Status: NO-GO (2026-04-17). The core finding was an artifact of truncated context. See Post-Mortem below.

Blog post: vLLM Silently Truncated My Reasoning Traces and I Didn't Notice for a Week

Training-free method for improving LLM reasoning accuracy. Prunes low-entropy steps from reasoning traces using [SKIP] placeholders, then lets the model re-derive the answer from the pruned context with sufficient continuation budget.

Post-Mortem

The paper's central claim, that entropy pruning + long continuation budget produces a "sign flip" from negative to positive gain, does not hold at proper baselines.

What happened

  1. Session 1 ran at max_model_len=8192, which truncated 8% of MATH-500 and 50% of AIME24 traces. The resulting baselines were degraded:

    • MATH-500: 66.0% (published: 94.3% with official eval settings)
    • AIME24: 46.7% (published: 72.6%)
  2. At this degraded baseline, the re-reasoning ablation showed a "sign flip":

    • C7-extract (256 tok): -22.8pp → C7-long (2048 tok): +3.4pp
    • This appeared to be a real finding about continuation budget.
  3. Session 2 ran at max_model_len=16384, fixing AIME truncation:

    • MATH-500: 66.8% (+0.8pp, truncation was not the main issue here)
    • AIME24: 66.7% (+20.0pp; half the traces were previously truncated)
  4. At the corrected baseline, the sign flip disappeared:

    • C7-long (2048 tok): -1.2pp MATH-500, +0.0pp AIME24
    • No variant produced positive gain on MATH-500.

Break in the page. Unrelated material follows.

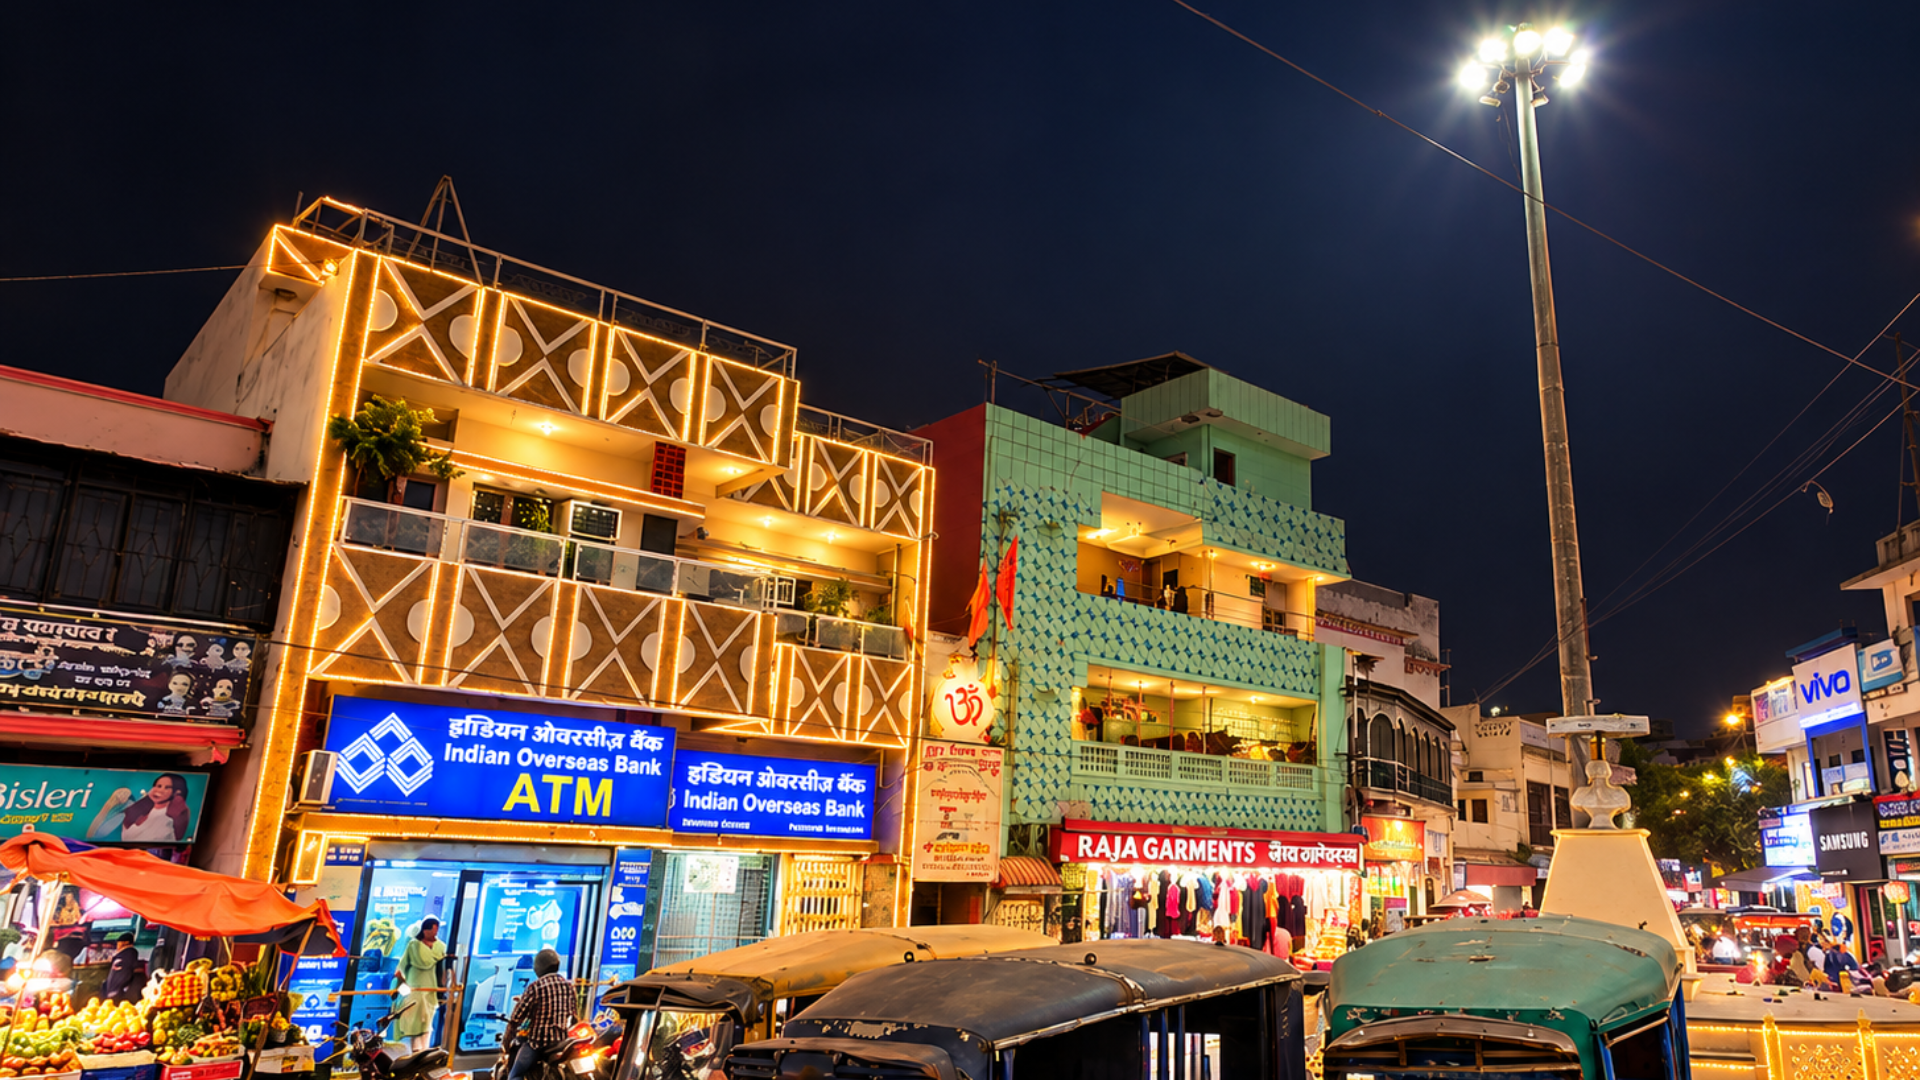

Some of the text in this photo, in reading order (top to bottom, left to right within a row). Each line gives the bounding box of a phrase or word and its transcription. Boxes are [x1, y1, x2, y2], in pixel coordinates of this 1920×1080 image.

Why our baselines were so low

Two separate problems were compounding:

Truncation (max_model_len): Primarily affected AIME24. Fixing this recovered +20pp on AIME24 but only +0.8pp on MATH-500, meaning truncation was not the main issue for MATH-500.

Sampling mismatch: DeepSeek's published 94.3% on MATH-500 uses temperature=0.6, top_p=0.95 with 64 samples per query (pass@1 estimation). We used temperature=0.0 (greedy, single sample). This alone likely accounts for most of the 27pp gap on MATH-500. The 5.9pp residual gap on AIME24 (66.7% vs 72.6%) may also be sampling-related.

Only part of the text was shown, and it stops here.